▶ _Work instruction_: In your copy, each record should read exactly as it does below, and no pictures should be present.

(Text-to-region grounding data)
Start of Block
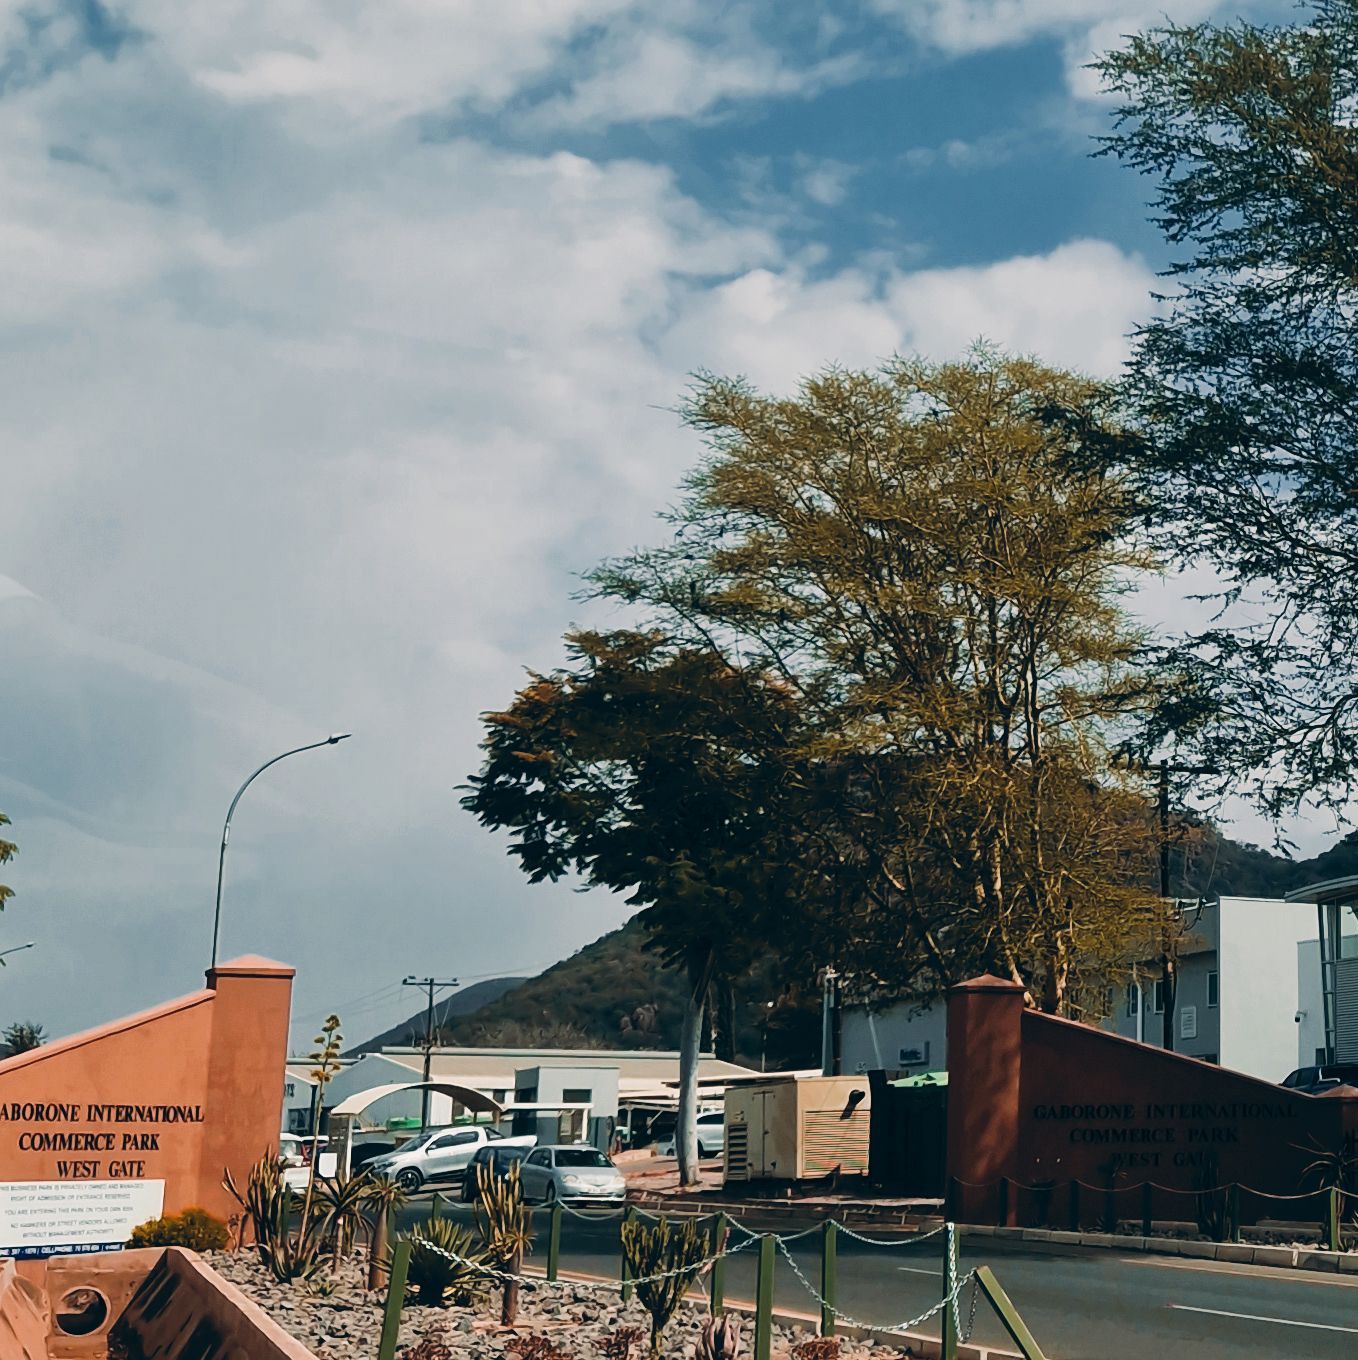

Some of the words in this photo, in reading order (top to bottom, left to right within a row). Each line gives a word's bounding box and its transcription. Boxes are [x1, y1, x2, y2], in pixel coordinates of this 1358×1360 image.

[0, 1103, 80, 1122] ABORONE
[87, 1104, 204, 1123] INTERNATIONAL
[1034, 1104, 1134, 1120] GABORONE
[1146, 1103, 1297, 1119] INTERNATIONAL
[18, 1133, 116, 1151] COMMERCE
[121, 1133, 160, 1151] PARK
[1069, 1128, 1175, 1144] COMMERCE
[1187, 1127, 1239, 1143] PARK
[56, 1160, 100, 1178] WEST
[109, 1160, 146, 1178] GATE
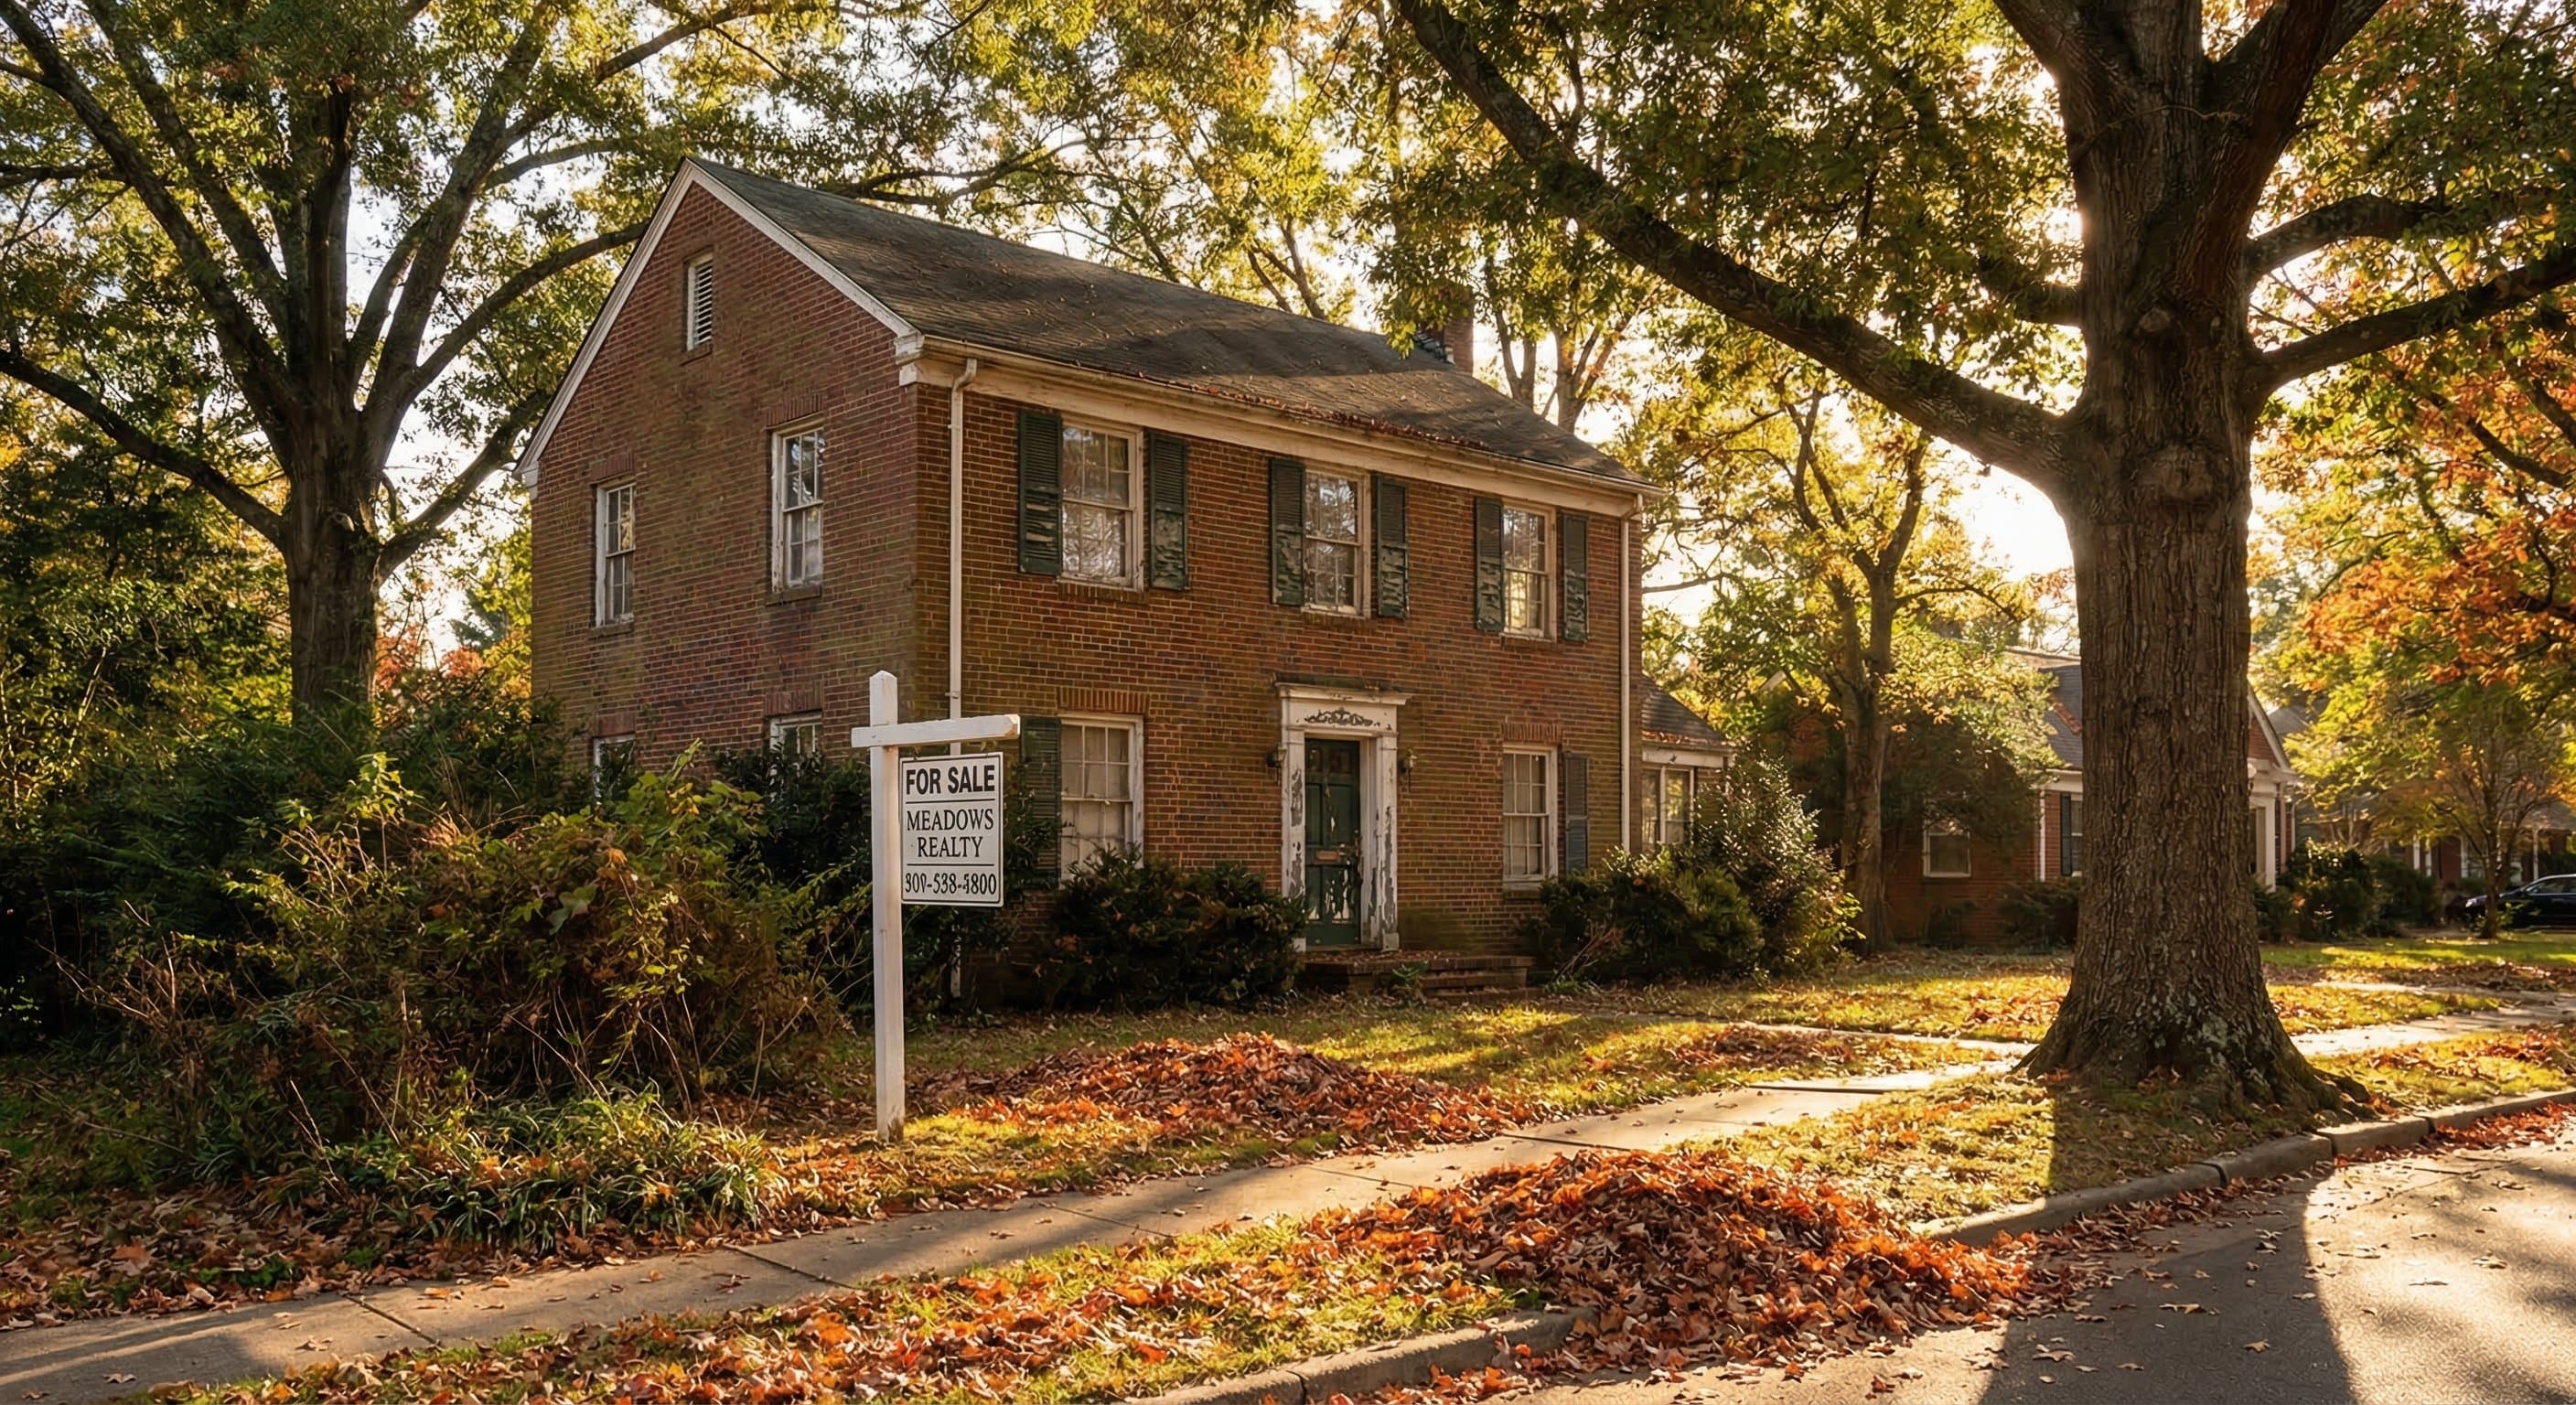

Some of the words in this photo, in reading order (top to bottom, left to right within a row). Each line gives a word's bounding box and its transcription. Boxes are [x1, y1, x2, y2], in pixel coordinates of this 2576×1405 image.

[906, 767, 942, 795] FOR
[947, 765, 995, 794] SALE
[907, 809, 994, 831] MEADOWS
[917, 836, 983, 858] REALTY
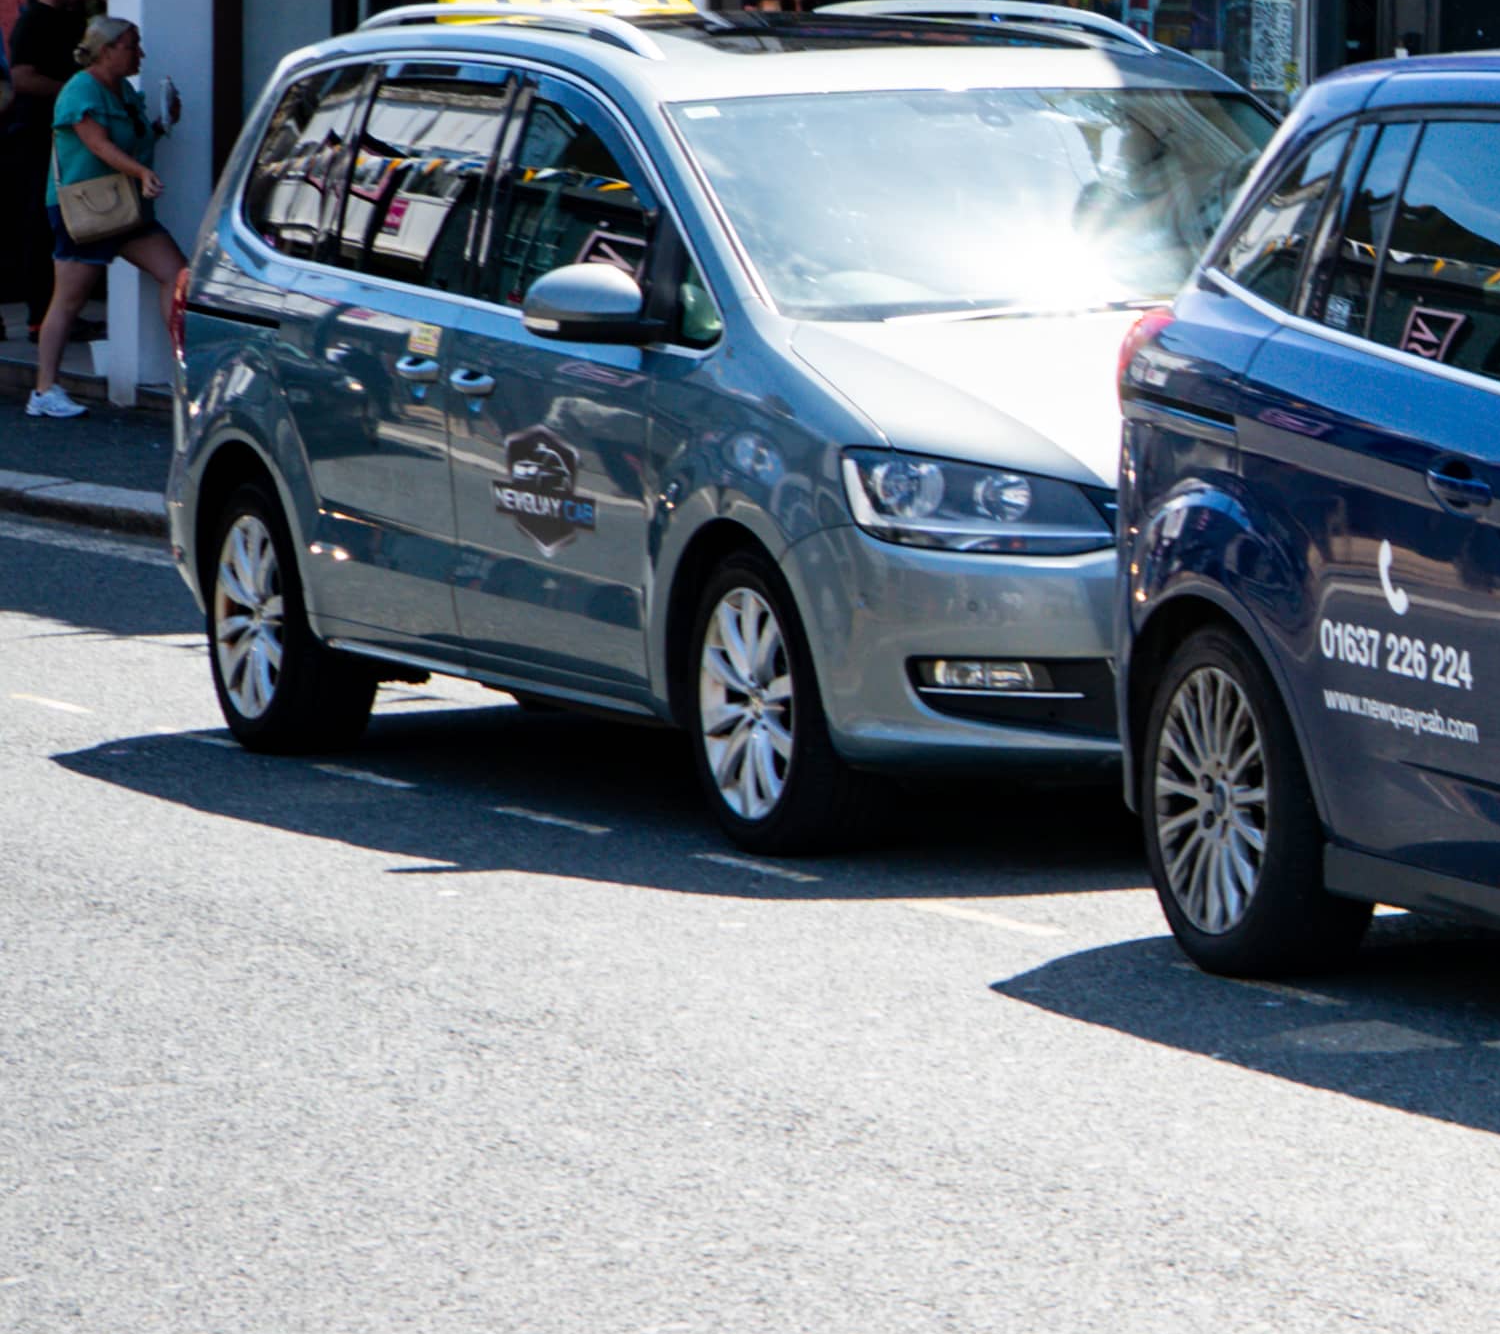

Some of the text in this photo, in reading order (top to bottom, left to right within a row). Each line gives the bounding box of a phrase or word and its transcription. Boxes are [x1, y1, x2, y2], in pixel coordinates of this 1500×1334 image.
End of Block
▶ _Your solution_:
Some of the words in this photo, in reading order (top to bottom, left to right within a row). Each line gives a word's bounding box and its transcription. Boxes are [x1, y1, x2, y2], in pixel coordinates of this 1358×1360 image.

[0, 1103, 80, 1122] ABORONE
[87, 1104, 204, 1123] INTERNATIONAL
[1034, 1104, 1134, 1120] GABORONE
[1146, 1103, 1297, 1119] INTERNATIONAL
[18, 1133, 116, 1151] COMMERCE
[121, 1133, 160, 1151] PARK
[1069, 1128, 1175, 1144] COMMERCE
[1187, 1127, 1239, 1143] PARK
[56, 1160, 100, 1178] WEST
[109, 1160, 146, 1178] GATE

Some of the words in this photo, in reading order (top to bottom, left to right within a row). Each line gives a word's bounding box and its transcription. Boxes are [x1, y1, x2, y2], in pixel coordinates of this 2576×1405 image.

[906, 767, 942, 795] FOR
[947, 765, 995, 794] SALE
[907, 809, 994, 831] MEADOWS
[917, 836, 983, 858] REALTY

Some of the text in this photo, in reading order (top to bottom, left to right within a row). Each line gives the bounding box of a phrase or word and its transcription. Boxes are [x1, y1, x2, y2], in pixel coordinates of this 1500×1334 image.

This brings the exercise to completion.